:: About this exercise ::
Please reproduce all the data exactly as written and omit the pictures.

Extracted information: Begin

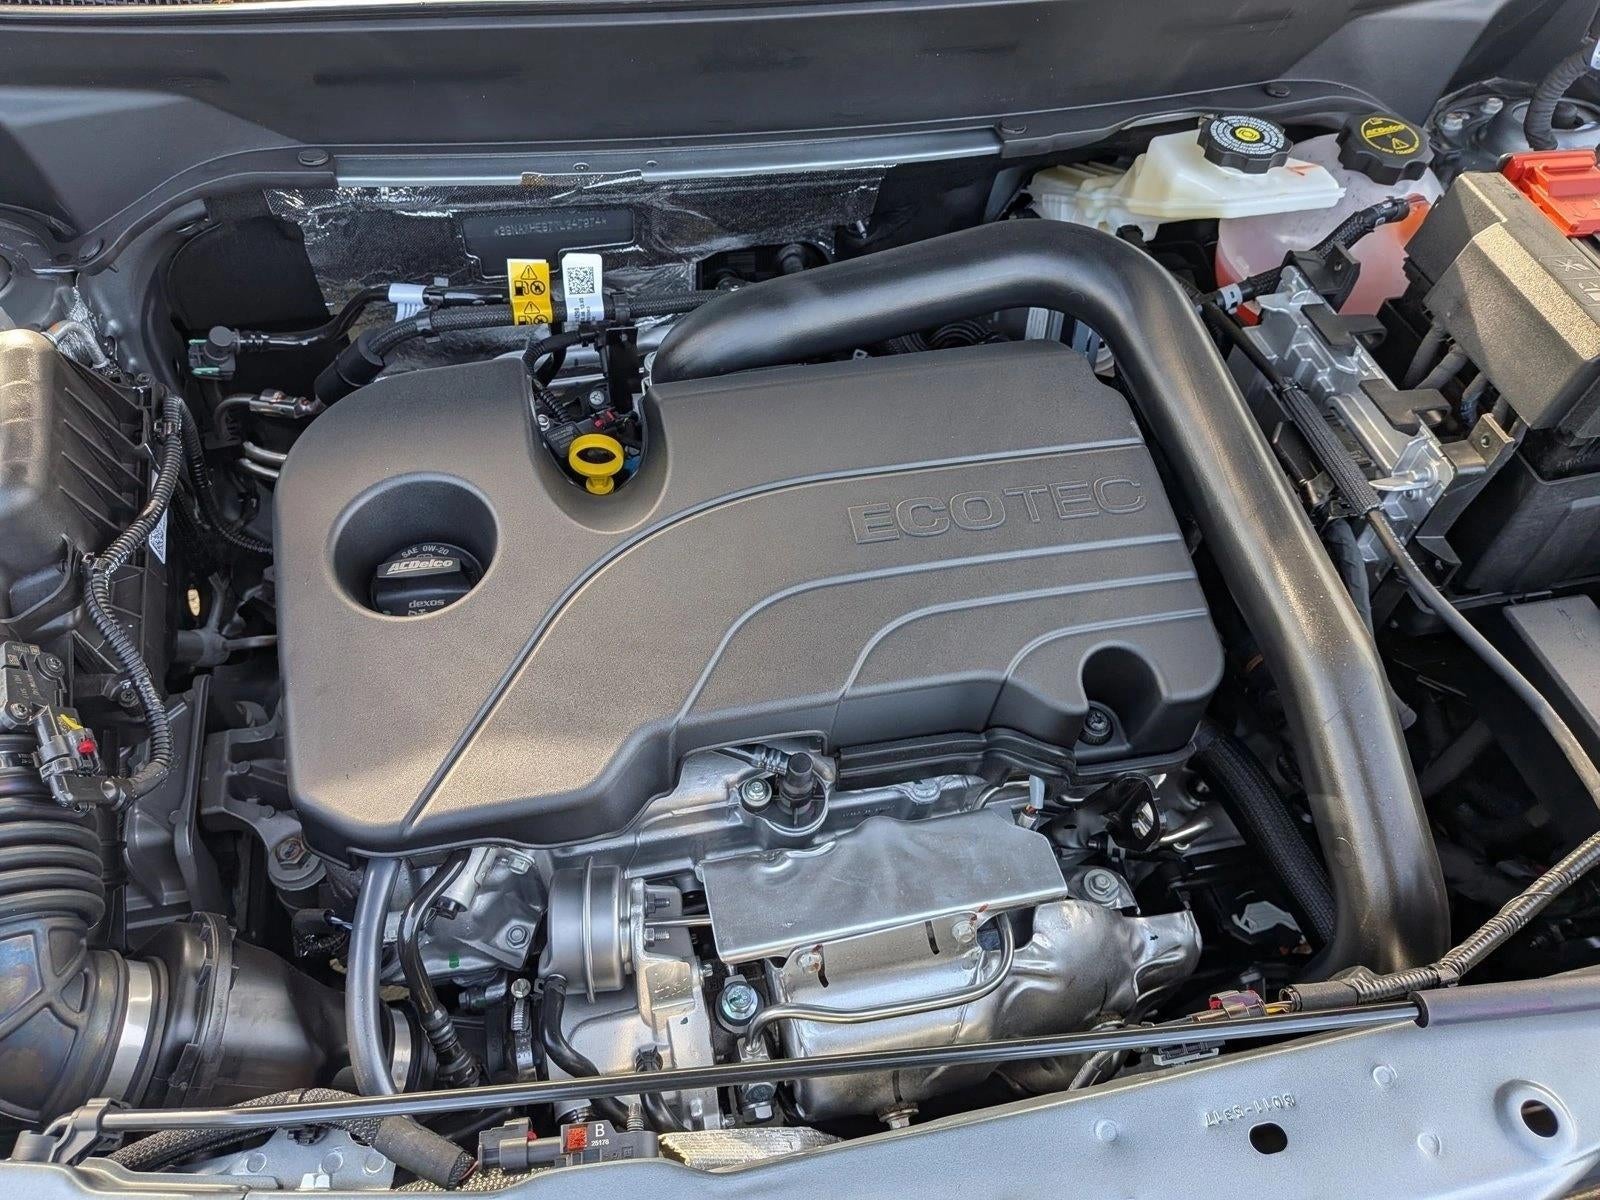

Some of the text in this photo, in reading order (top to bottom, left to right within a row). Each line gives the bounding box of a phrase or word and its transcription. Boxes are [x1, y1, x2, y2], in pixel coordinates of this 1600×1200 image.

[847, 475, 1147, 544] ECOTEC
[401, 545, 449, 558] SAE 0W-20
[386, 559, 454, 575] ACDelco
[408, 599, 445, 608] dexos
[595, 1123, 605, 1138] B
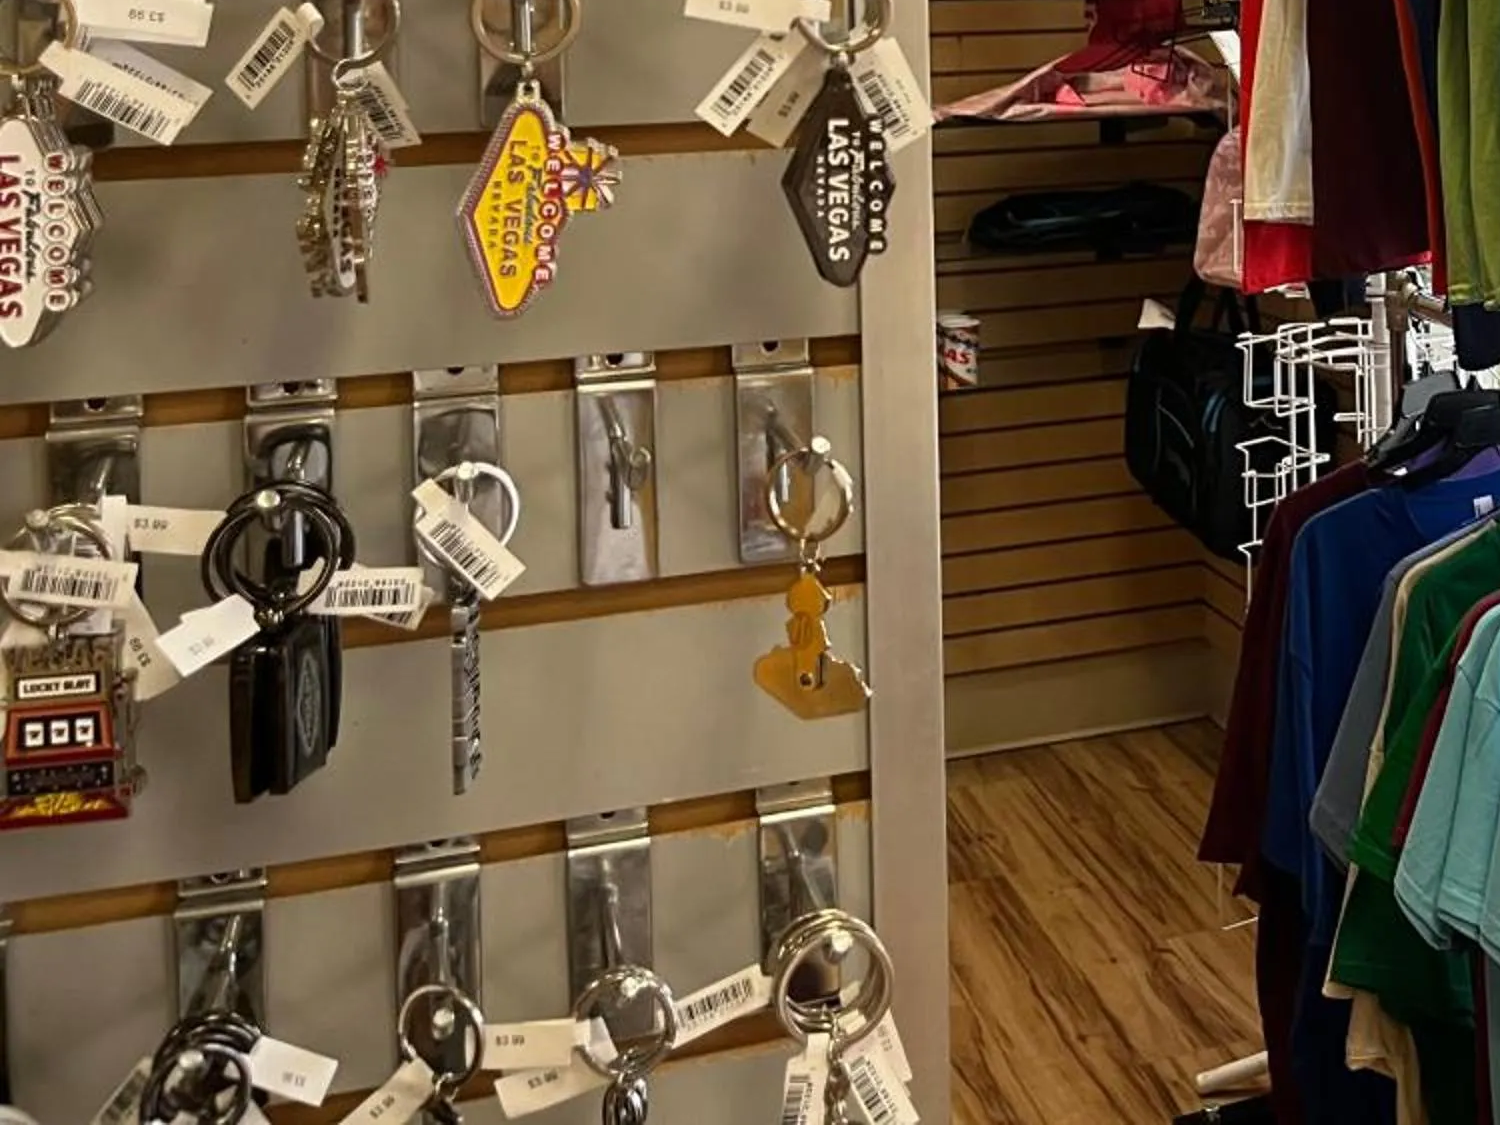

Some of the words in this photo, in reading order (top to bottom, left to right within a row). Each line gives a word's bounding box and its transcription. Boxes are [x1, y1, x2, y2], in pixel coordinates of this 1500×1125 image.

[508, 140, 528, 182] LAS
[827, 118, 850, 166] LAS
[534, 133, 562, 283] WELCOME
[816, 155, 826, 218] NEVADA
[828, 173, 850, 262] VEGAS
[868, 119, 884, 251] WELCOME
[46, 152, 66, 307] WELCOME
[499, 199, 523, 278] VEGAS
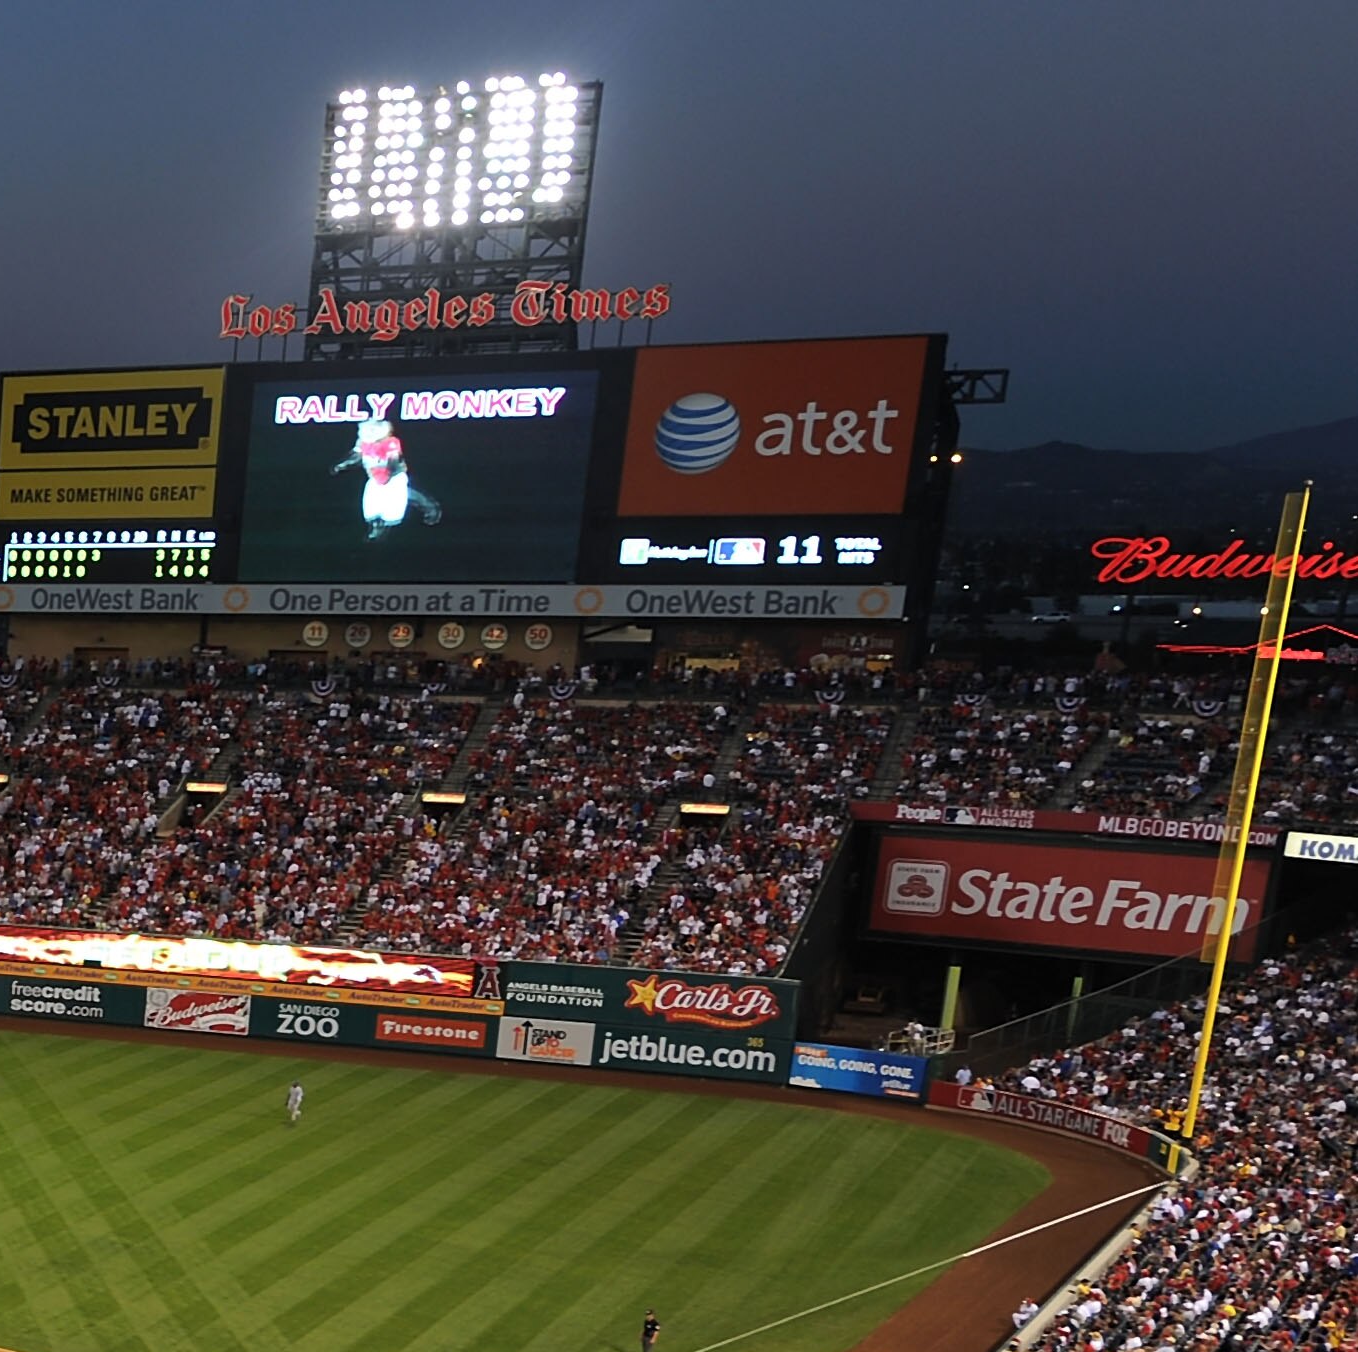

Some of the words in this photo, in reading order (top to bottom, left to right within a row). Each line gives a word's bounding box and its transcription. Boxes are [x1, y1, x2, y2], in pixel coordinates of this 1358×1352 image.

Extracted information: End

:: Exercise answer ::
Some of the text in this photo, in reading order (top to bottom, left to right within a row). Each line gives the bounding box of a phrase or word and its transcription. Boxes are [x1, y1, x2, y2], in pixel coordinates of this 1600×1200 image.

[847, 475, 1147, 544] ECOTEC
[401, 545, 449, 558] SAE 0W-20
[386, 559, 454, 575] ACDelco
[408, 599, 445, 608] dexos
[595, 1123, 605, 1138] B

Some of the words in this photo, in reading order (top to bottom, left to right within a row). Each line gives a word's bounding box and its transcription. Boxes are [x1, y1, x2, y2], in pixel coordinates of this 1500×1125 image.

[508, 140, 528, 182] LAS
[827, 118, 850, 166] LAS
[534, 133, 562, 283] WELCOME
[816, 155, 826, 218] NEVADA
[828, 173, 850, 262] VEGAS
[868, 119, 884, 251] WELCOME
[46, 152, 66, 307] WELCOME
[499, 199, 523, 278] VEGAS

Some of the words in this photo, in reading order (top to bottom, left to right within a row). Each line gives a word's bounding box and its transcription. Boxes are [x1, y1, x2, y2], in pixel coordinates of this 1358×1352 image.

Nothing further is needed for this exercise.